O outro êxito de Obama na política externa é a aproximação de dois países que há décadas tinham uma relação de inimizade com os Estados Unidos: Cuba e Irã. A reabertura das relações diplomáticas com Havana encerrou a Guerra Fria na América Latina, com 25 anos de atraso. O acordo com o Irã para suspender seu programa nuclear serviu para recuperar a comunicação entre Washington e Teerã, e reequilibrou o jogo de forças no Oriente Médio.
A frase que define sua política externa foi pronunciada “em off”, em 2014, a bordo do Air Force One, diante de um grupo de jornalistas, durante uma viagem à Ásia. “Don’t do stupid shit”, disse. “Não faça besteiras” seria uma tradução suave.
O jornalista Mark Landler, que estava naquele avião, descreve o episódio em seu livro Alter Egos. Landler escreve que Obama acredita que “os Estados Unidos estão demasiadamente dispostos a recorrer à força militar para defender seus interesses” e que “a intervenção norte-americana em outros países normalmente acaba de maneira infeliz”.

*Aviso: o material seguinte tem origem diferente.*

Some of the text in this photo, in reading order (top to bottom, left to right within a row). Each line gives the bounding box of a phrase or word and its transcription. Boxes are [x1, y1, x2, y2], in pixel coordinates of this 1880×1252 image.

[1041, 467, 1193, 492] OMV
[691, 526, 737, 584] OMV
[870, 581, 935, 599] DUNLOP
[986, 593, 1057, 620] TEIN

Obama é um realista, mas também um idealista. Um pragmático, mas com uma visão universal. Alguém que, como conta em uma conversa com a biógrafa de Lincoln Doris Kearns Goodwin, sua historiadora preferida, ao se tornar adulto decidiu dedicar seus esforços à ambição de “criar um mundo no qual pessoas de diferentes raças, origens e crenças possam se reconhecer na humanidade de uns e outros, ou em criar um mundo em que toda criança, não importa sua procedência, possa aspirar, alcançar e realizar seu potencial”.

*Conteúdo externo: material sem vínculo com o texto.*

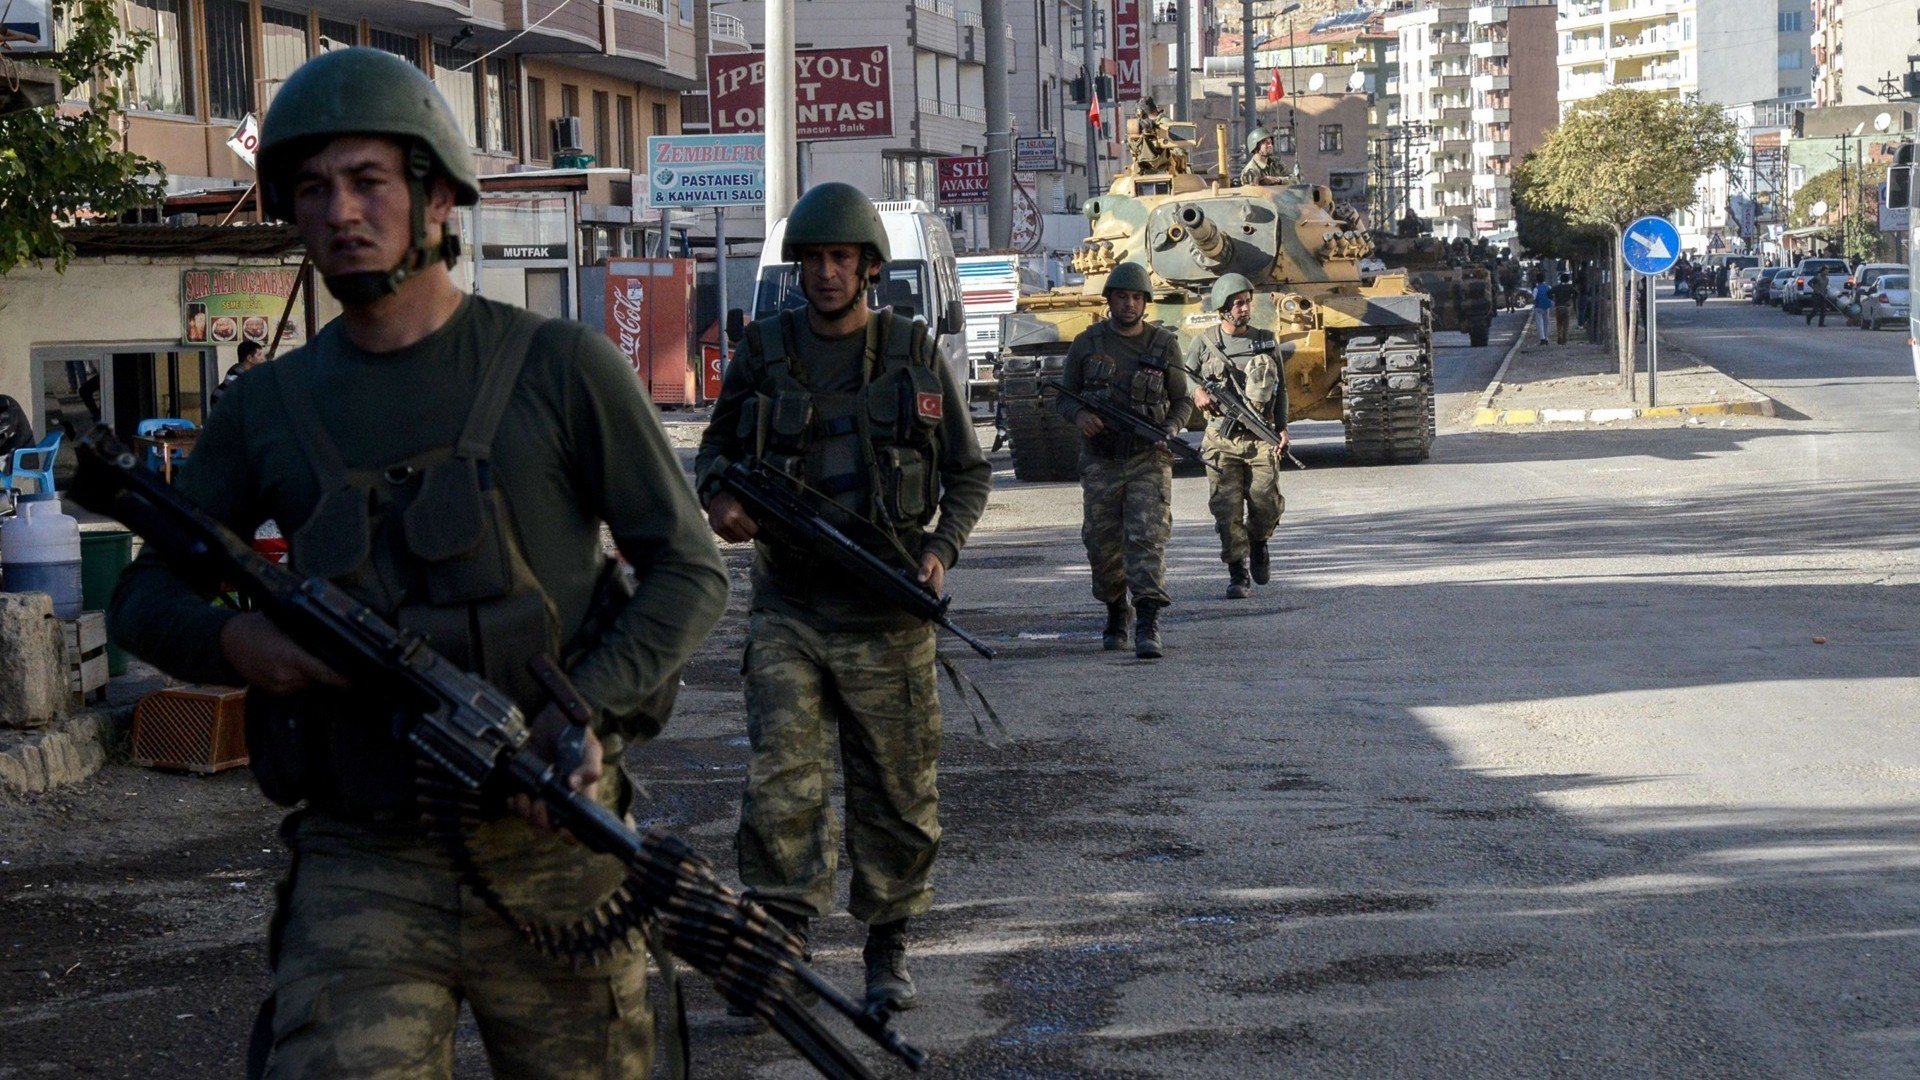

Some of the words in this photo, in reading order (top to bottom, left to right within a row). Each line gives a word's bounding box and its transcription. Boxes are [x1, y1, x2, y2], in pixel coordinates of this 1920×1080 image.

[716, 60, 766, 98] İPE
[797, 56, 881, 88] YOLU
[718, 101, 884, 128] LONTASI
[840, 123, 865, 133] Balık
[655, 141, 766, 163] ZEMBİLFRO
[681, 171, 754, 187] PASTANESİ
[655, 191, 665, 202] &
[668, 191, 728, 202] KAHVALTI
[731, 190, 766, 201] SALO
[503, 247, 550, 258] MUTFAK
[186, 271, 211, 301] SUR
[212, 271, 238, 295] ALTI
[614, 286, 641, 373] ca-Col

O legado de um presidente foge de seu controle, de sua simples atuação executiva: o país que ele deixará para seu sucessor está mais dividido, sim, mas também é o país que legalizou o casamento homossexual, e é um país mais diversificado e mais inter-racial. Com sua identidade – filho de uma branca do Kansas e de um negro do Quênia – Obama reflete as mudanças profundas deste país, mais do que os molda.

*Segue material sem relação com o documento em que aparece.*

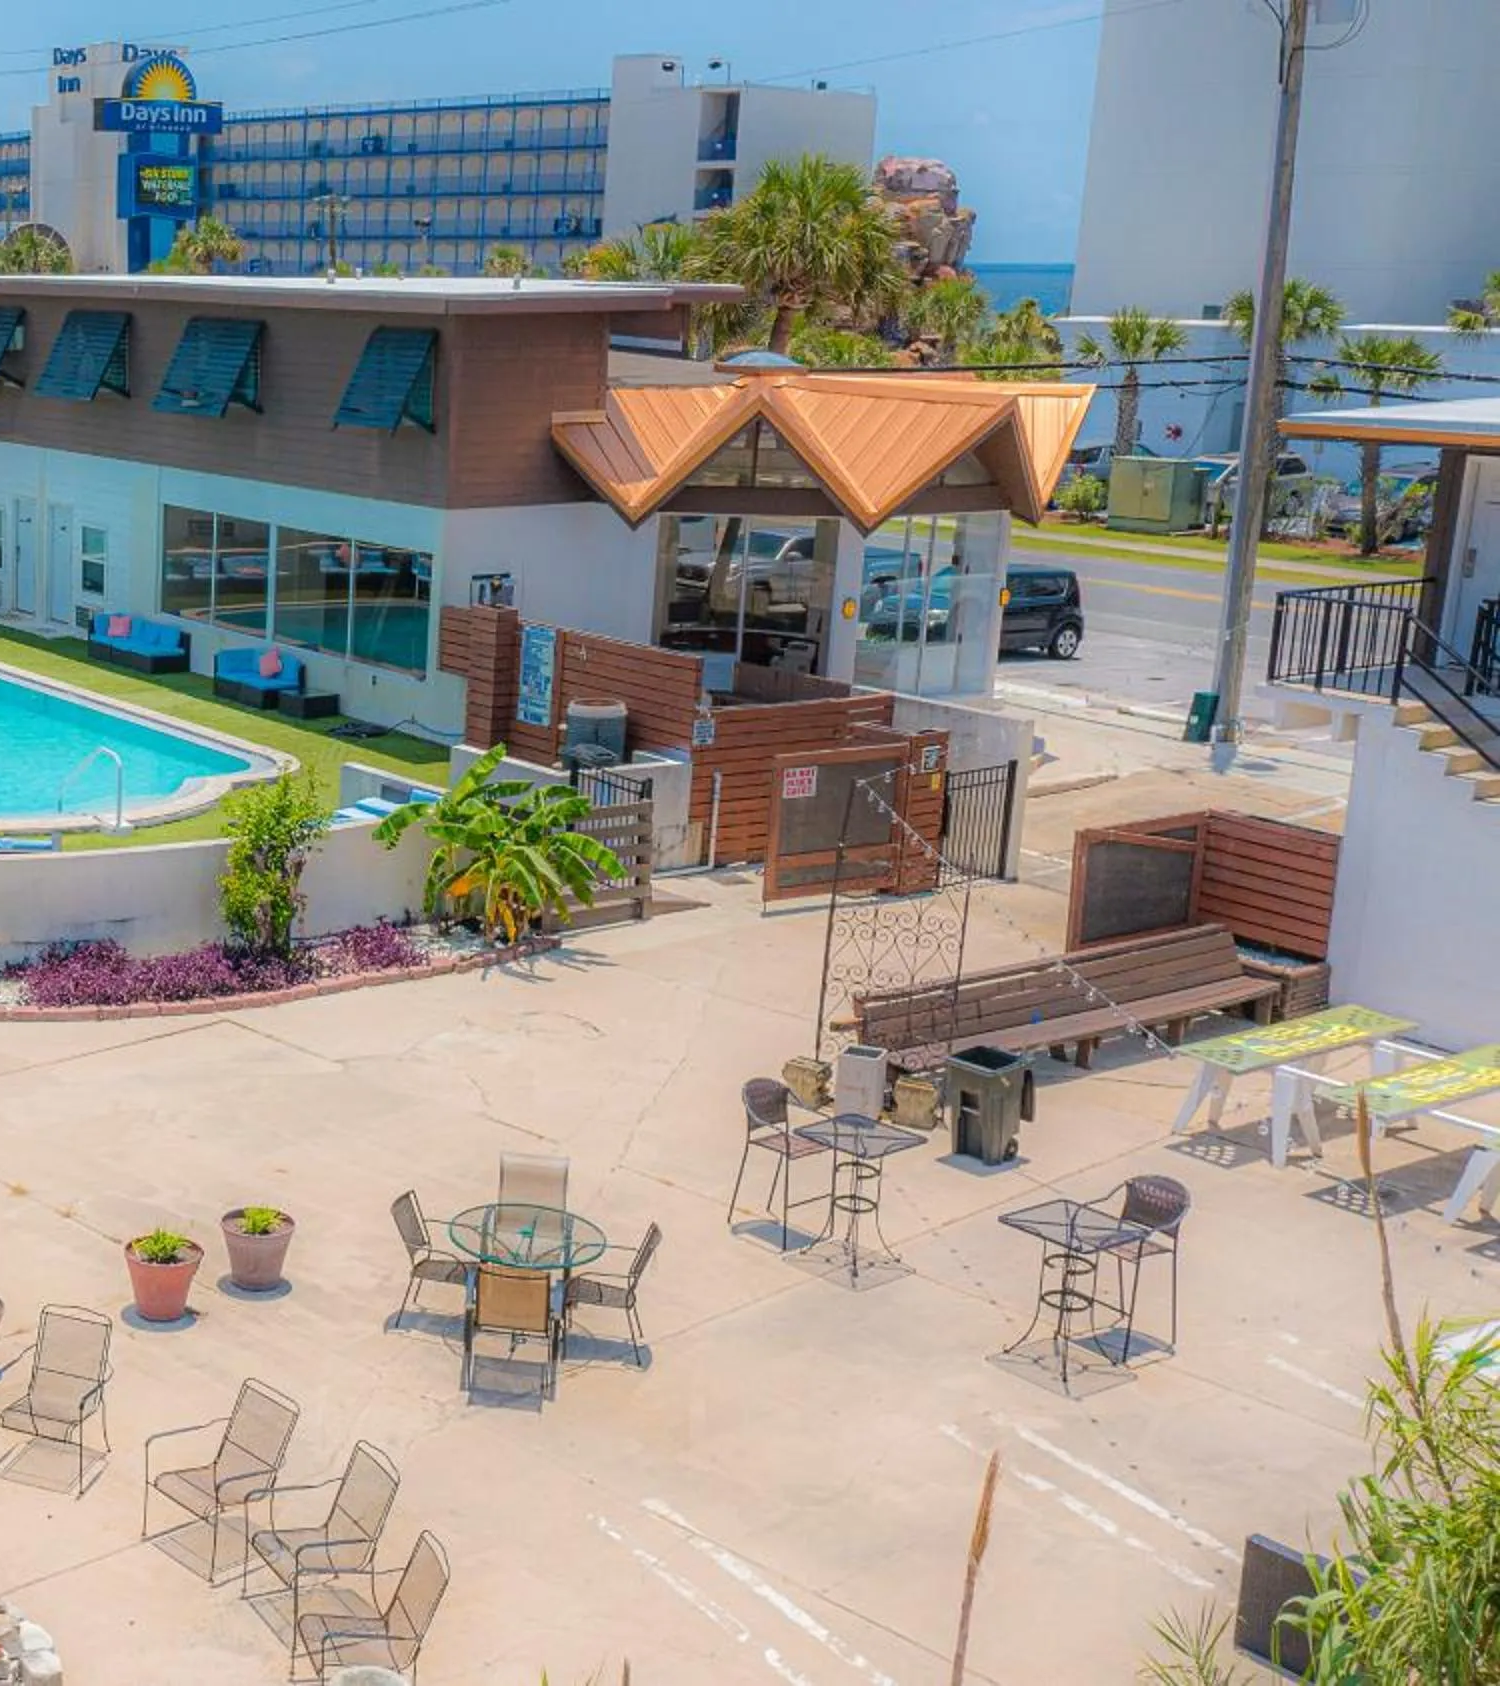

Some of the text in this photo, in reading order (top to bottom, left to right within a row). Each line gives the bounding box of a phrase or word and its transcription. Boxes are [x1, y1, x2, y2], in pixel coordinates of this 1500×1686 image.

[53, 47, 87, 67] Days
[57, 75, 81, 93] Inn
[121, 103, 207, 123] Days Inn

A presidência de Obama será um capítulo breve na história jovem dos Estados Unidos, e seu verdadeiro êxito será medido em dois tempos. Primeiro, em 8 de novembro, dependendo se vence Clinton, que promete desenvolver suas políticas, ou Trump, cuja vitória seria uma total correção do legado de Obama.
Será na segunda etapa que saberemos se essa presidência terá sido um êxito ou um parênteses, se Obama será mais do que o primeiro presidente negro. Dependerá de a reforma na saúde conseguir ampliar sua cobertura, de a recuperação econômica se consolidar e dar lugar a desigualdades menos acentuadas, de o acordo com o Irã se manter de pé e de Cuba se democratizar, de os Estados Unidos aprovarem uma reforma na imigração que acabe permitindo a nacionalização dos ilegais, de o conflito na Síria terminar e de os Estados Unidos manterem sua hegemonia mundial e de esta ser benéfica.
Dependerá, finalmente, de saber se, de fato, “o arco do universo moral é longo, mas se inclina para a justiça”. O parágrafo não foi escrito.